4) How will fraud be managed? Estimates put Medicare fraud today at $60B of a $700B total Medicare spend. That's nearly 10%. When this gets to $3T, we are talking $250B-$300B in fraud and mis-payments. Enforce the laws against fraud. Like we do today? Insurance companies are motivated by profit to go after and eliminate fraud. The government has no such motivation. Its not its money being stolen.

5) What's the impact to Medicaid? Does Medicaid go away entirely for all states? Does its funding now go to the federal government to pay for M4A? goes away Interesting. So i guess my current state taxes won't go down to offset the reduction of Medicaid expenses, yet my Federal taxes will go up to pay for the new federal program. Wonderful.

6) What's the impact to elective services? While everyone languishes the financial impact of emergency and mandatory treatments for people. The costs due to injury for a car wreck or a pregnancy or a cancer diagnosis. And we use these ancedotes when comparing the ease of Canada's or Britain's systems vs. our own. But when it comes to 'elective' care, today's American system is the greatest in the world (without question). A knee replacement in the UK is a 6 month waiting list. Lasix surgery is 3 months. I have bad new for you in regards to how long the wait is for knee replacement in the US. Not sure what you are talking about? On a Medicare plan, yea its a wait. On good private insurance, my mom's knee replacement surgery was scheduled and performed in less than 2 weeks.

7) What will be the rules for experimental treatments? Today Medicare does not pay towards non-approved treatments, as there are no fee schedules associated. Do those that require 'new' drugs or treatments have to wait on Congress' annual fee schedule assessment? Yeah probably going to have to get that pro bono or via grants. Pro Bono from the medical and drug companies that are being pay restricted to have minimal profit margins? That sounds likely. I guess if you are gonna get sick, you better hope its a well-established condition.

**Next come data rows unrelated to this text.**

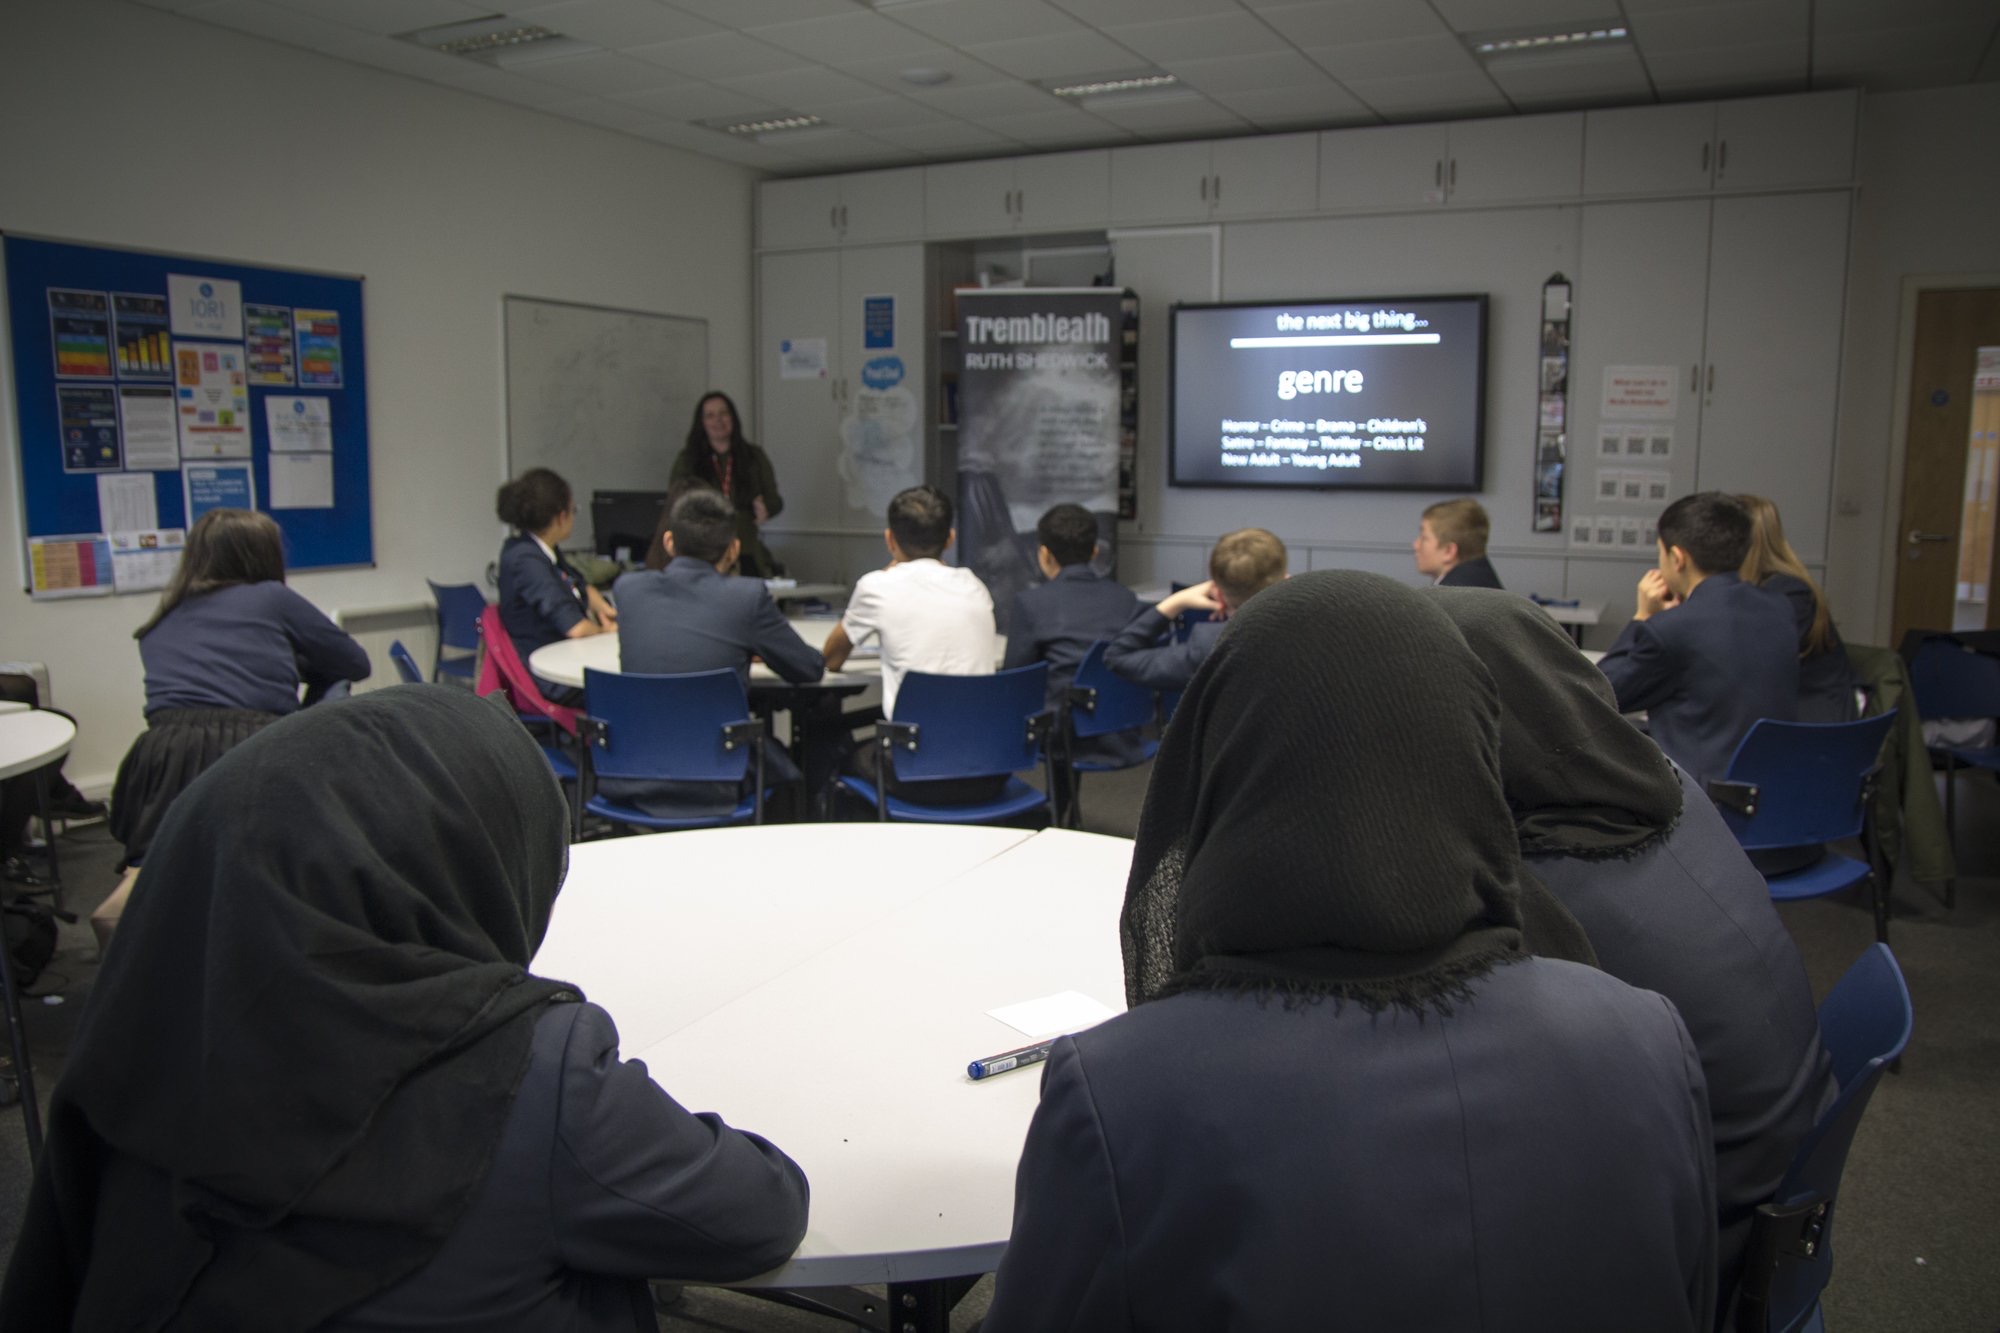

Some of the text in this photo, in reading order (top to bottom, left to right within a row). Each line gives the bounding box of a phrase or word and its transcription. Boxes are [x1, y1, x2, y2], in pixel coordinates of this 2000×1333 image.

[966, 312, 1110, 344] Trembleath
[1277, 312, 1304, 331] the
[1306, 313, 1343, 330] next
[1344, 310, 1370, 333] big
[966, 352, 1014, 370] RUTH
[1278, 370, 1363, 400] genre
[1222, 419, 1260, 433] Horror
[1270, 418, 1306, 433] Crime
[1316, 418, 1356, 433] Drama
[1366, 418, 1427, 433] Children's
[1221, 435, 1255, 450] Satire
[1265, 435, 1309, 452] Fantasy
[1319, 435, 1362, 450] Thriller
[1372, 435, 1406, 451] Chick
[1407, 436, 1424, 451] Lit
[1221, 452, 1249, 467] New
[1248, 452, 1280, 467] Adult
[1291, 452, 1327, 469] Young
[1327, 452, 1361, 468] Adult

8) There a lots of very good hospitals that do not accept Medicare. Many of the BEST cancer treatment centers do not (MD Anderson and Moffit are 2 for example). Are they forced to get in line? What about charity hospitals like St. Jude and Shriner's? Also, does this eliminate the need for the VA, or will it remain separate? Those hospitals that don't accept M4A are going to have an even harder time staying open than Deaconess. I imagine that the VA will stay open since it is more of an NHS type system than a single payer system. Hooray. Let's run out of business some of the most prestigious institutions in our history, all in the name of ensure some illegal immigrant who managed to cross a river can have their kid for free. Woohoo!

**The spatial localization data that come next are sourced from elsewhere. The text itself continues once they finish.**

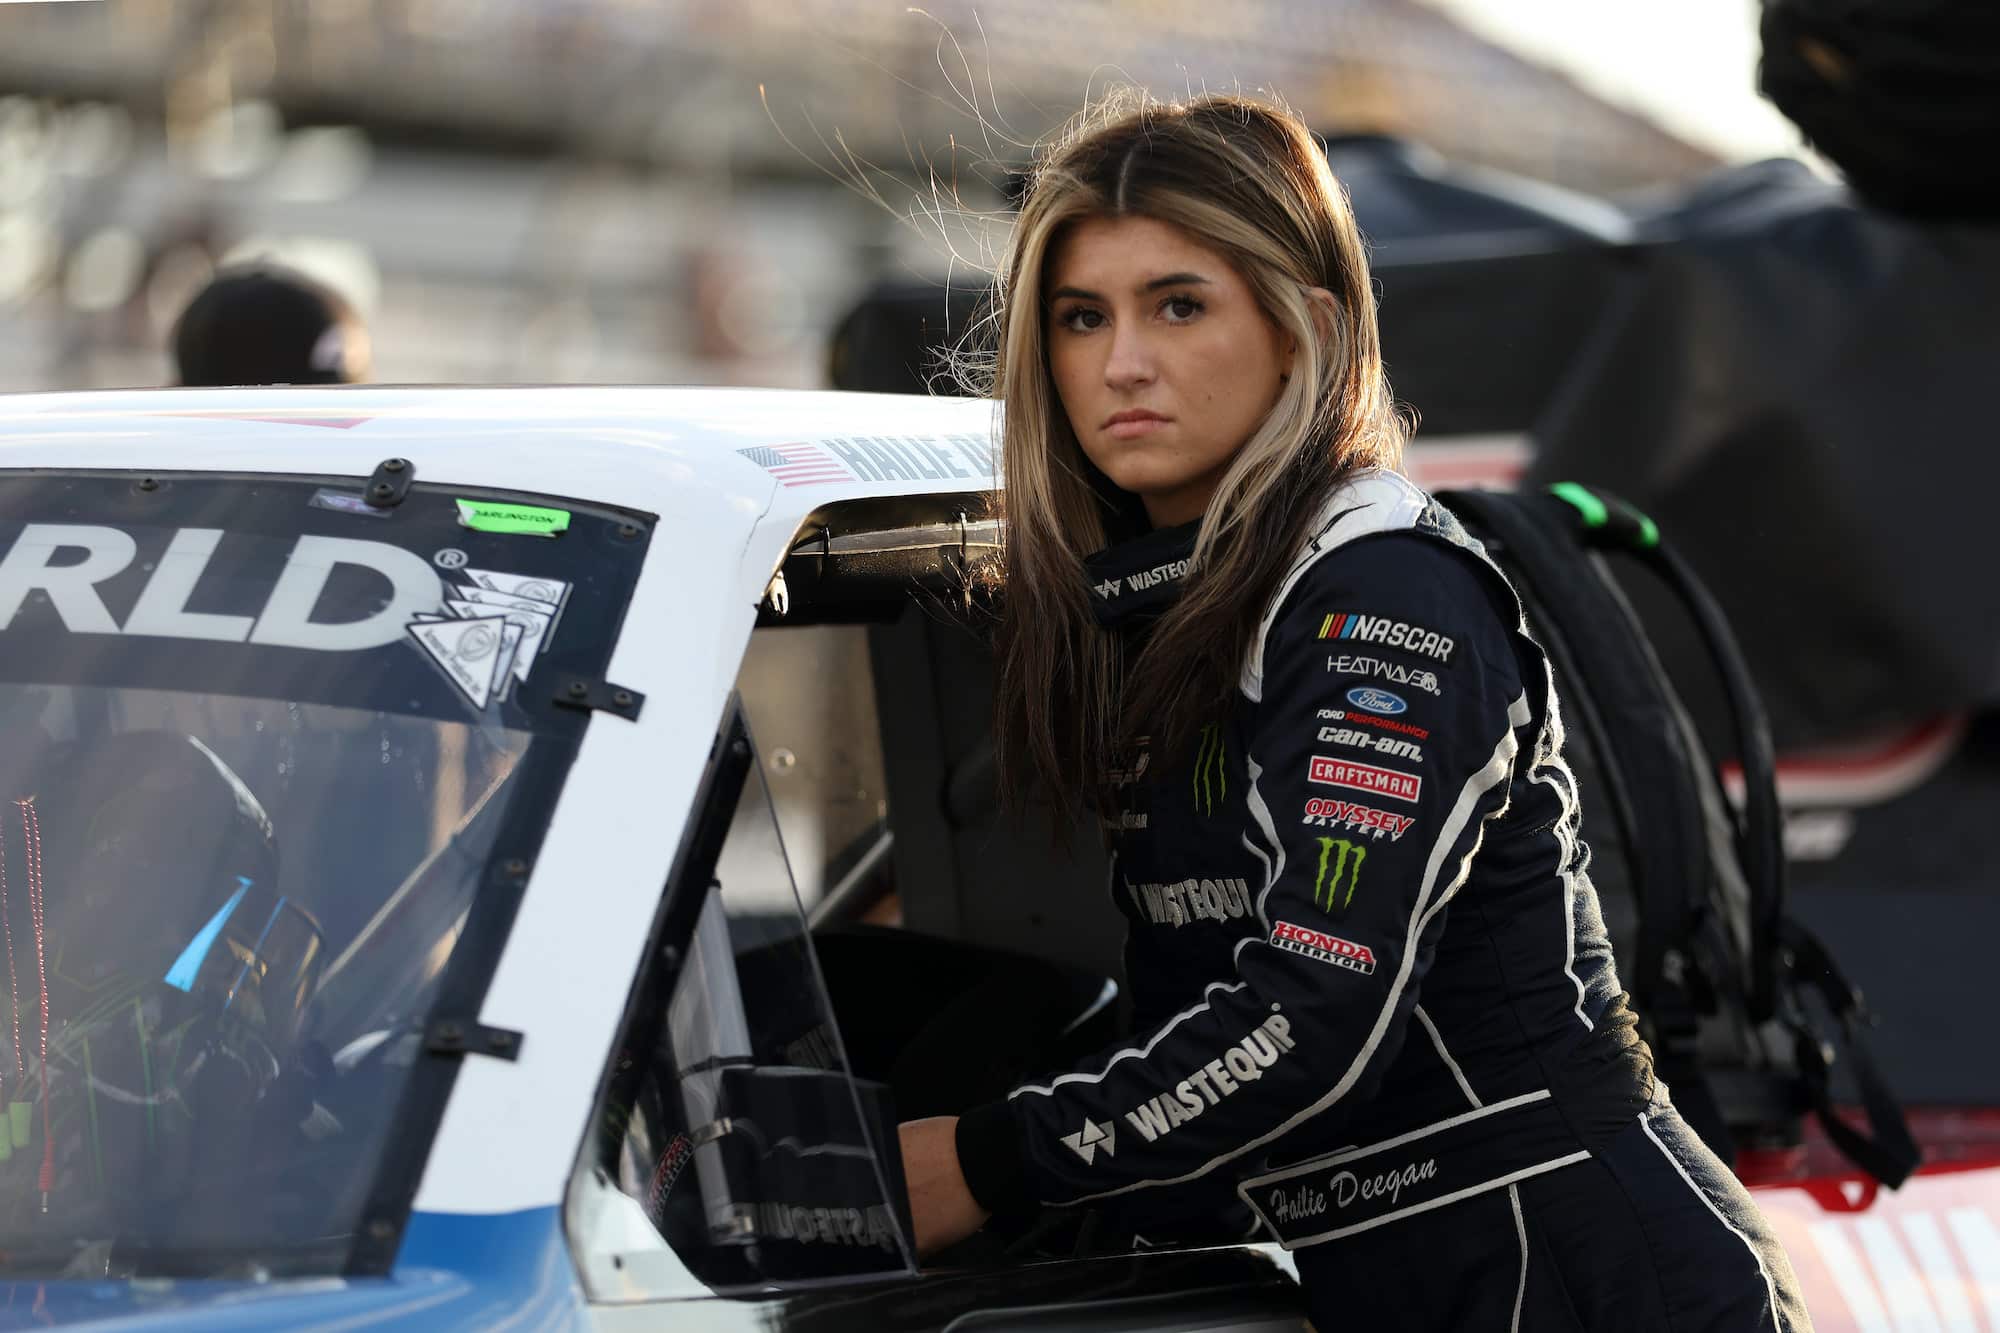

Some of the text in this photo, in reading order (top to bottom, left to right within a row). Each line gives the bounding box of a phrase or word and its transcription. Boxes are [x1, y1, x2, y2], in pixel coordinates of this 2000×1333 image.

[820, 435, 971, 482] HAILIE
[1351, 615, 1454, 663] NASCAR
[1327, 655, 1425, 688] HEATWAVE
[1357, 690, 1395, 713] Ford
[1316, 709, 1430, 740] FORD PERFORMANCE
[1315, 763, 1414, 796] CRAFTSMAN
[1302, 816, 1404, 843] BATTERY
[1305, 797, 1416, 834] ODYSSEY
[1272, 936, 1373, 974] GENERATORS
[1274, 921, 1376, 964] HONDA
[1125, 1013, 1296, 1143] WASTEQUIP
[1270, 1156, 1438, 1224] Hailie Deegan

9) Will there still be a private medical market? Look at the education market for example. We have public schools, but the wealthy (who still pay school taxes) choose to send their kids to expensive private schools. Will the same be allowed in medicine? If you are wealthy enough to afford it (while still paying taxes for the public option) can you choose to have non-government paid physicians? Not for treatment that is covered by M4A. Great. So now the super wealthy will use medical tourism to go to countries where the good doctors will go, and the non 1%ers will get long wait times and shit for service medical care. I can't believe this kind of plan doesn't pass Congress 568 to 0.

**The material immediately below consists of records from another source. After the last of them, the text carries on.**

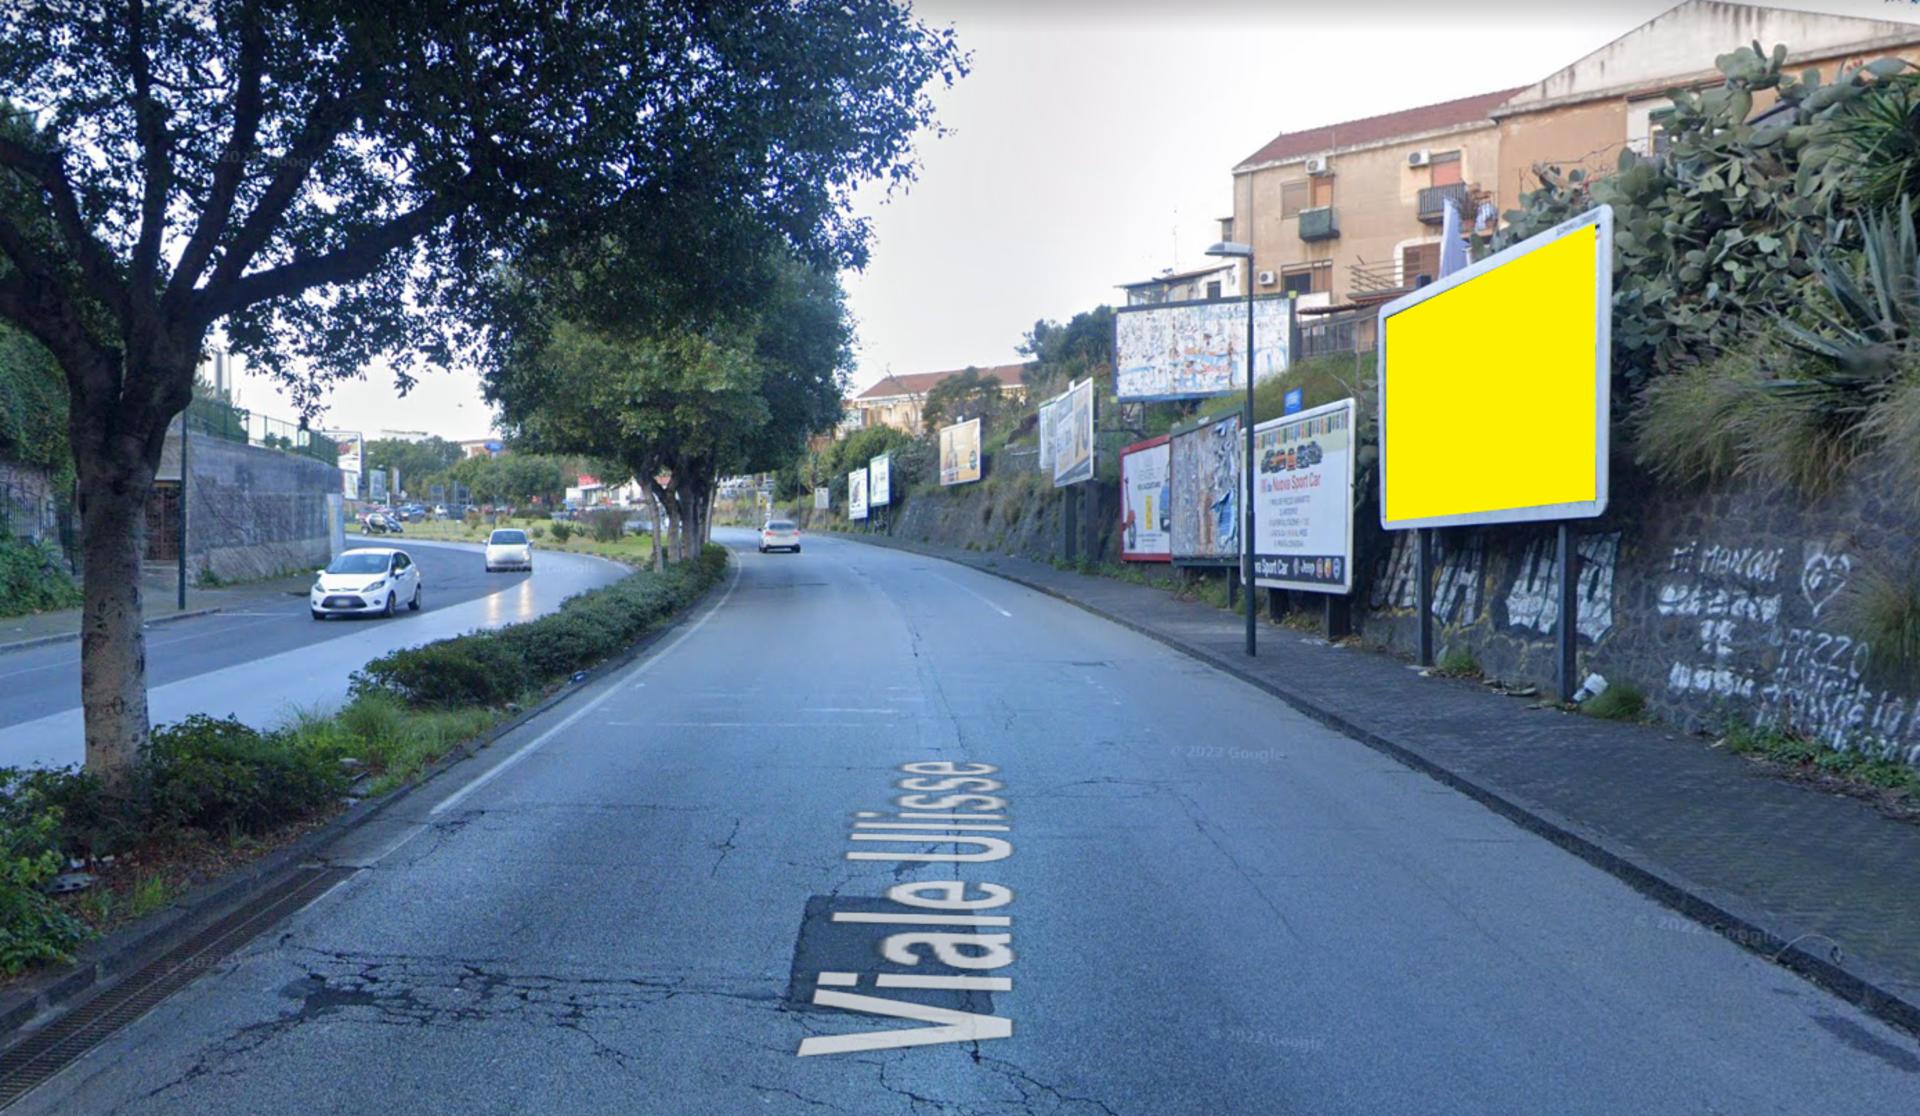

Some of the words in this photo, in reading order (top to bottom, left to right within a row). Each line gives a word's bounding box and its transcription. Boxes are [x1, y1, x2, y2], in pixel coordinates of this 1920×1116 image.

[1273, 476, 1291, 491] Nuova
[1291, 474, 1309, 492] Sport
[1310, 472, 1321, 487] Car
[1261, 558, 1277, 577] Sport
[1277, 558, 1288, 575] Car
[1301, 560, 1315, 576] Jeep

10) What about second opinions? If I get a treatment diagnosis from my local hospital/physician that I don't like, what will be my rules to go elsewhere? Yes get a second opinion. Do you know what Medicare's rules are for second opinions? They only pay in certain circumstances. But since their no longer is insurance, which will usually cover a second opinion, how will that work?

Pilt, in all honesty, I do appreciate the response and honest attempts at answers to the questions posed. It scares the hell out of me that we think this is a good idea. Having seen how Medicare treated my father while he had Alzheimer's and the crap coverage he received vs. the care he received prior to turning 65 and having his private insurance policy through Aramco, I have no interest in government paid health-care.